Multiple Mutations in HCM

A recent paper by researchers in Australia, published this week in Circulation: Cardiovascular Genetics, found more than one rare HCM gene in 4% of patients in a 758 patient sample group.

The researchers found that those patients with multiple rare HCM genes tended to present with HCM at a younger age, were more likely to experience cardiac arrest or death from other causes, and were more likely to require a heart transplant.

In general, few patients have multiples of mutations commonly associated with HCM.  See this Canadian study from April of this year which found that multiple mutations were less prevalent and harmful than previously thought.

Non-Genetic HCM – Reduced Screening?

According to researchers at the University of Michigan, family members of HCM patients who have tested negative for genes associated with HCM and without a family history of HCM will usually be found to be free of HCM during routine family screening.  And, in accordance a recent Australian study,  relatives of these patients may be able to benefit from less rigorous screening protocols.

Patients with a known sarcomere mutation appear to have a different clinical profile, according to the researchers:  they have more hypertrophy; they are younger when diagnosed; they have a higher risk for adverse events;  and they are more likely to have a family history for the condition.

In contrast, when the initial diagnosis is made in a patient who is 50 or older with no known genetic mutations, a negative family history, and sigmoidal septal pattern hypertrophy, reduced family screenings may be appropriate and less burdensome.  In addition, hypertension, large family size with no other affected family members,  less severe hypertrophy, and lack of life-threatening complications related to HCM may provide additional comfort to families of newly diagnosed HCM patients.

The reduced protocol would consist of a single screening of adult family members, with the caveat that if and when any additional family additional member is found to have HCM, a more traditional screening protocol be instituted.

(Note that standard screening guidelines recommend screening of all first-degree family members of patients beginning with adolescence, repeated annually through the end of adolescent growth, and repeated every 3 – 5 years for life.)

 

Could it be Non-Genetic HCM?

When a patient is the only person in the family ever diagnosed with HCM, s/he will often wonder whether their disease is, in fact, genetic.  S/he will also wonder whether it will be necessary for all first degree relatives to undergo serial screenings for the rest of their lives.

In answer to this concern, Australian researchers have recently identified a subset of HCM patients who appear to have a non-familial form of the disease and whose relatives may be candidates for less stringent screening protocols.

The study, just published in Circulation: Cardiovascular Genetics by Dr.
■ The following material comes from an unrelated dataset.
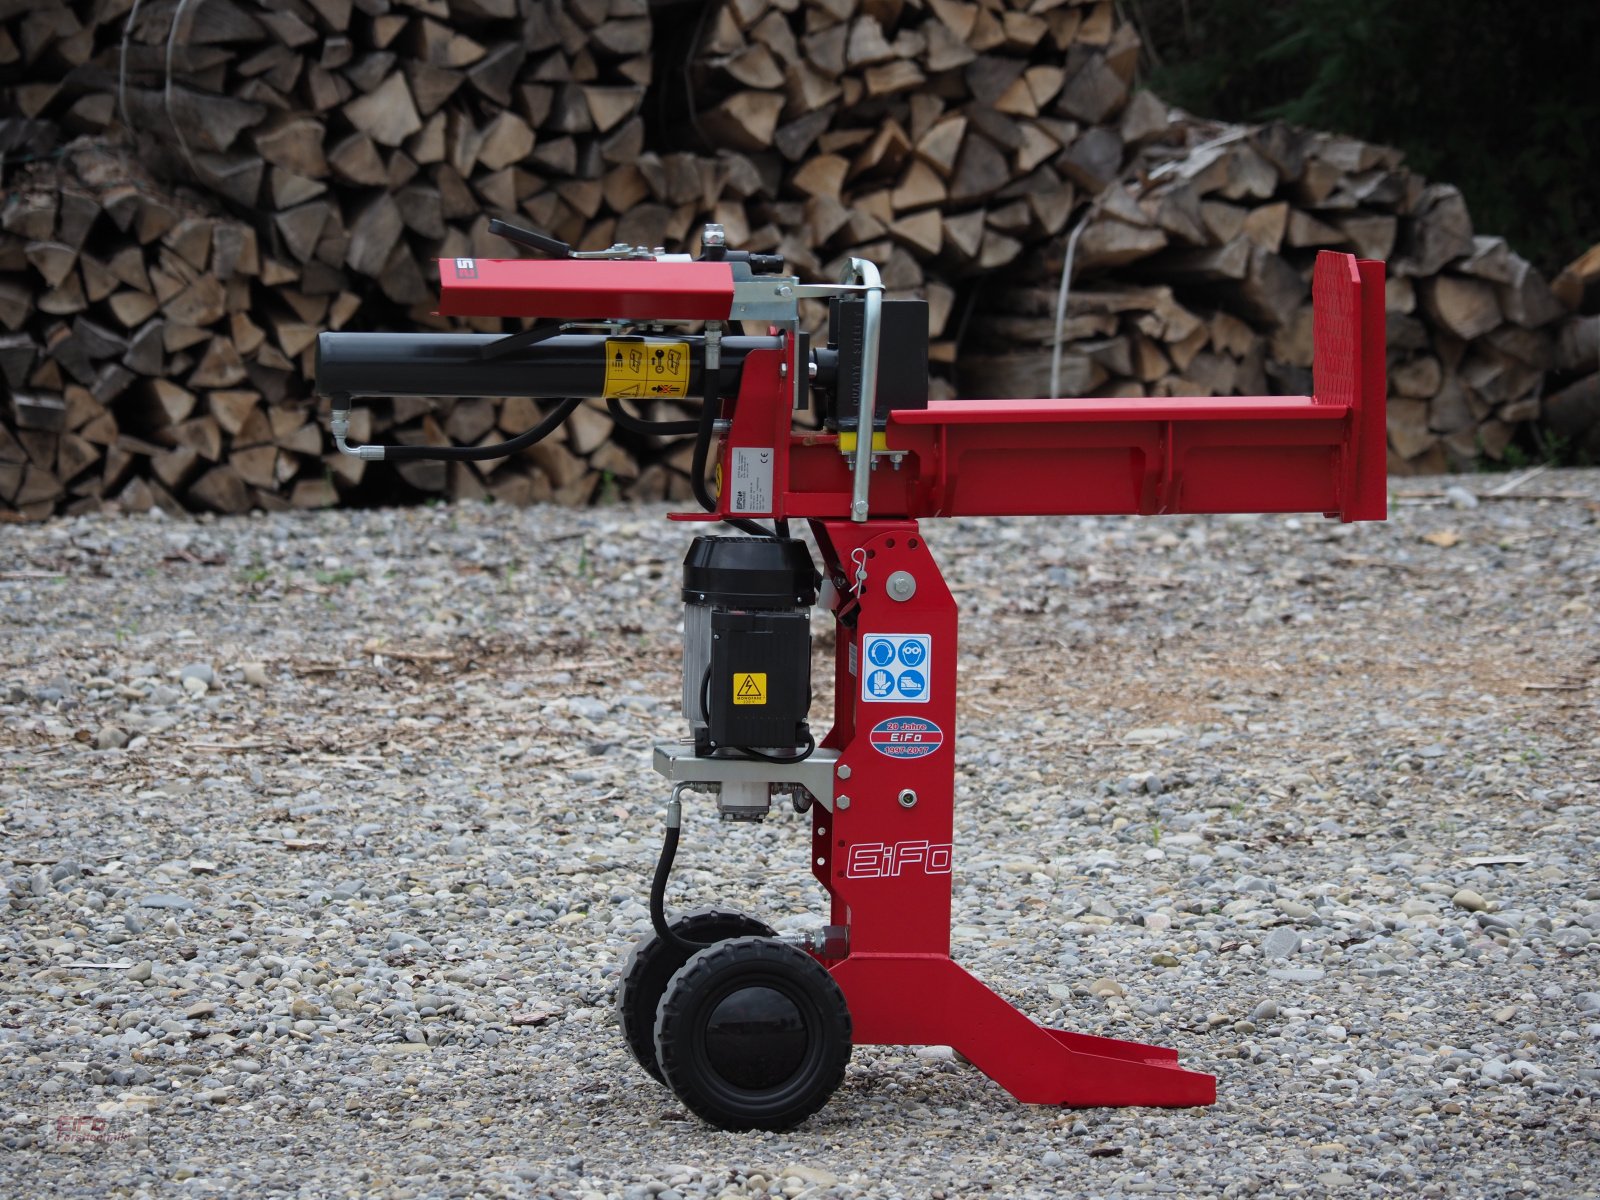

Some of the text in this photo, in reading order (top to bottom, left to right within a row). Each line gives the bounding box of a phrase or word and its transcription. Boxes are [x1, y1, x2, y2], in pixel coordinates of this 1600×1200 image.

[887, 722, 927, 731] 20 Jahre
[890, 733, 922, 742] EiFo
[884, 746, 930, 755] 1997-2017
[846, 840, 953, 879] EiFo
Jodie Ingles and Dr. Chris Semsarian, found that this group, having neither genetic mutation associated with HCM nor family history of HCM, comprises approximately 40% of all HCM patients. Non-familial HCM patients are more likely to be older when diagnosed, and they often present with non-asymmetric hypertrophy and hypertension.  And, these HCM patients appear to have a more favorable clinical course, with a better track record of survival from major cardiovascular events.
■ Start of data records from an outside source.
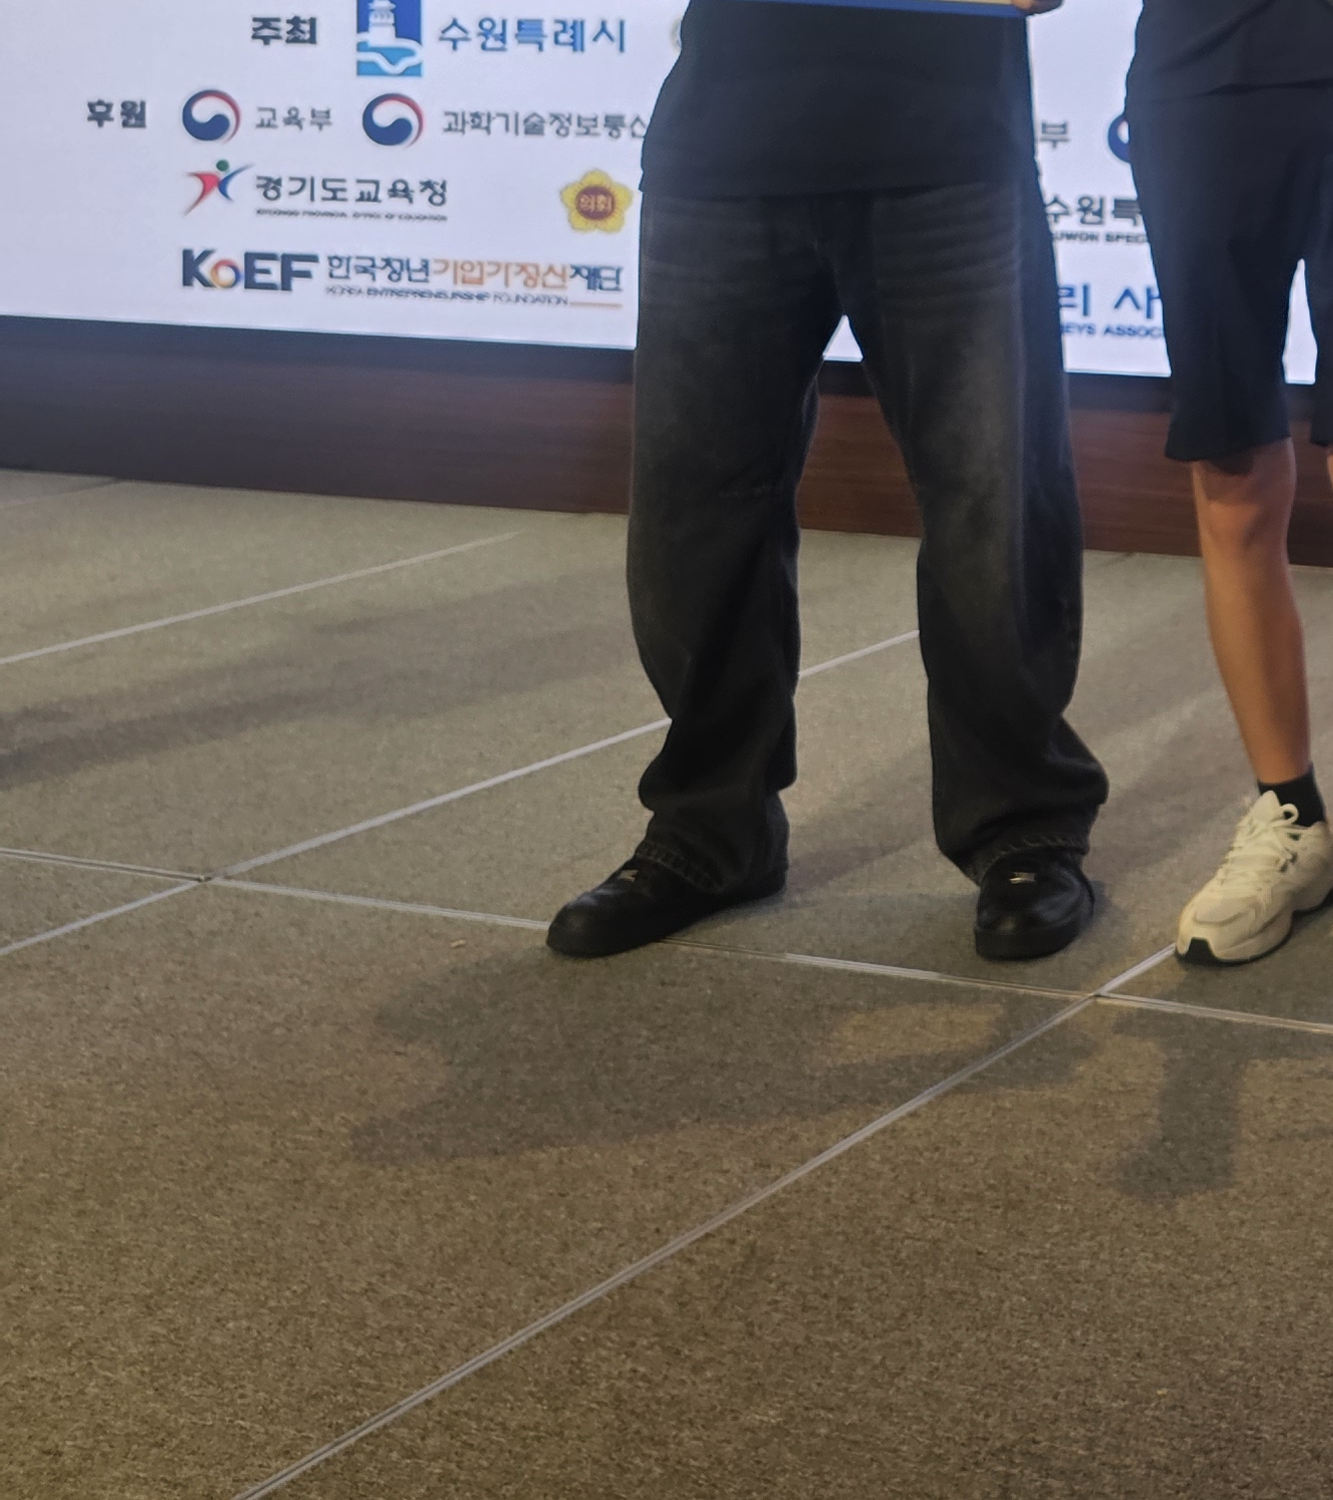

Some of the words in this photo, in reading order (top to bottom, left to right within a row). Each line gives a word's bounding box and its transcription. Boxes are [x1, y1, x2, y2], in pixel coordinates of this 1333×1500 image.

[251, 16, 318, 46] 주최
[438, 17, 627, 54] 수원특례시
[88, 100, 147, 130] 후원
[256, 106, 333, 131] 교육부
[256, 176, 449, 206] 경기도교육청
[1053, 231, 1099, 242] UWON
[182, 248, 320, 292] KoEF
[327, 253, 624, 293] 한국청년기업가정신재단
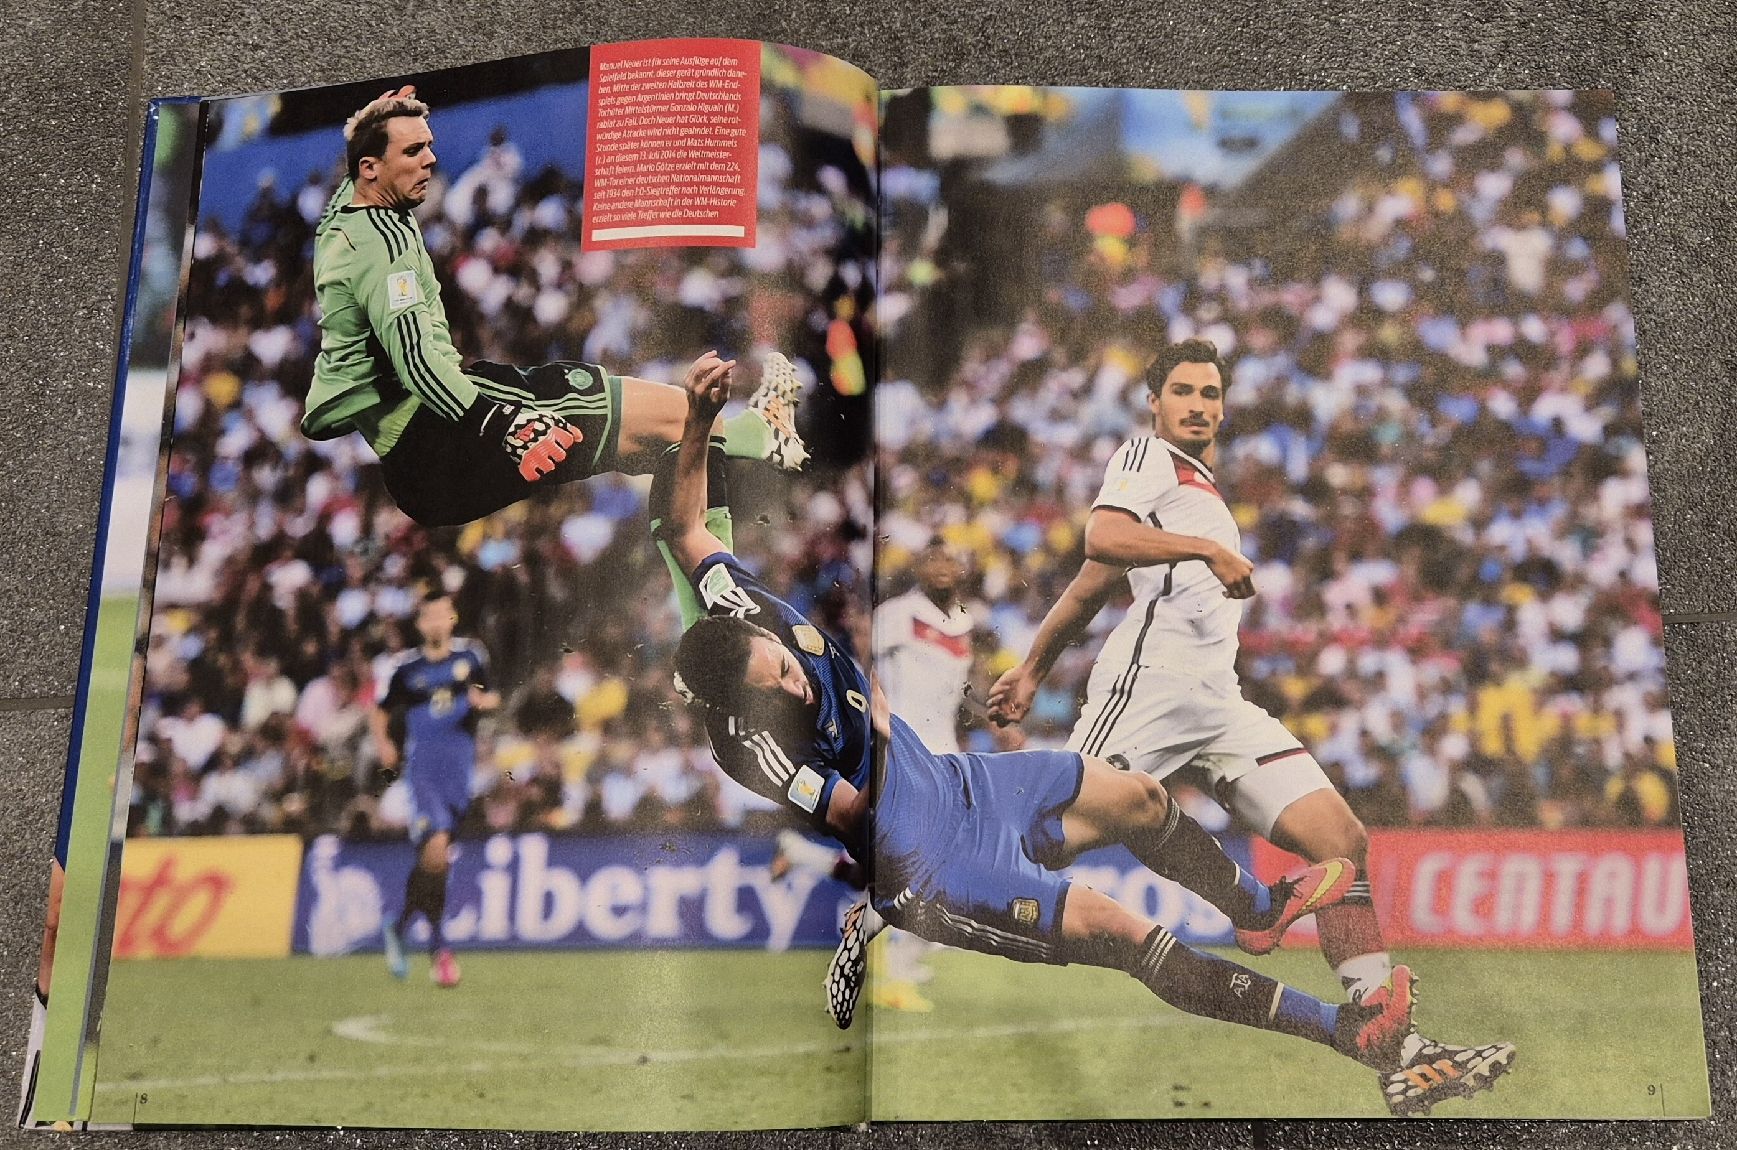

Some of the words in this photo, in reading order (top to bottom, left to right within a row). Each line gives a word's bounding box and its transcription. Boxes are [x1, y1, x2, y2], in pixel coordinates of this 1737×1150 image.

[623, 60, 642, 68] Neuer
[643, 58, 651, 67] ist
[652, 57, 661, 67] für
[662, 57, 679, 66] seine
[680, 56, 709, 66] Ausflüge
[710, 56, 722, 66] auf
[723, 57, 738, 66] dem
[600, 72, 627, 83] Spielfeld
[656, 69, 676, 78] dieser
[676, 68, 694, 78] gerät
[695, 68, 727, 78] gründlich
[612, 83, 629, 92] Mitte
[631, 82, 641, 91] der
[641, 81, 667, 90] zweiten
[668, 79, 695, 88] Halbzeit
[696, 79, 708, 88] des
[598, 96, 616, 106] spiels
[616, 95, 636, 105] gegen
[637, 92, 675, 103] Argentinien
[675, 91, 695, 101] bringt
[696, 91, 741, 100] Deutschlands
[670, 103, 697, 112] Gonzalo
[724, 103, 739, 113] (M.)
[596, 119, 615, 129] rabiat
[615, 120, 624, 128] zu
[624, 117, 638, 126] Fall.
[639, 115, 656, 125] Doch
[656, 115, 676, 124] Neuer
[676, 114, 689, 123] hat
[709, 115, 728, 123] seine
[647, 127, 662, 137] wird
[662, 126, 679, 135] nicht
[714, 126, 730, 135] Eine
[730, 127, 747, 137] gute
[596, 143, 618, 152] Stunde
[619, 142, 640, 151] später
[673, 138, 686, 147] und
[686, 138, 704, 147] Mats
[704, 138, 738, 147] Hummels
[606, 154, 615, 163] an
[615, 153, 639, 163] diesem
[648, 150, 660, 160] Juli
[661, 150, 676, 159] 2014
[677, 149, 688, 159] die
[688, 149, 732, 159] Weltmeister-
[595, 166, 615, 176] schaft
[636, 163, 656, 172] Mario
[656, 161, 675, 172] Götze
[675, 161, 696, 171] erzielt
[697, 161, 709, 171] mit
[709, 161, 726, 171] dem
[619, 177, 636, 185] einer
[636, 174, 670, 184] deutschen
[671, 172, 741, 184] Nationalmannschaft
[593, 189, 606, 199] seit
[606, 188, 620, 198] 1934
[621, 187, 634, 197] den
[681, 185, 698, 194] nach
[592, 202, 610, 211] Keine
[611, 200, 634, 209] andere
[634, 197, 673, 208] Mannschaft
[674, 197, 681, 206] in
[681, 197, 693, 206] der
[694, 197, 737, 207] WM-Historie
[592, 213, 612, 223] erzielt
[621, 211, 637, 220] viele
[638, 209, 659, 220] Treffer
[659, 209, 671, 218] wie
[671, 208, 682, 218] die
[683, 208, 719, 218] Deutschen
[1411, 851, 1688, 936] CENTAU
[1647, 1084, 1656, 1096] 9
[140, 1092, 148, 1105] 8
The researchers point out that by sorting patients into more distinct subgroups, doctors will be able to provide more personalized and evidence-based care to patients and their families.  In particular, their recommendation is that first-degree relatives of non-familial HCM patients need only be screened one or more times in adulthood.  Less frequent follow up surveillance is also suggested, in contrast with the more intensive screening guidelines recommended for family members of patients with familial HCM.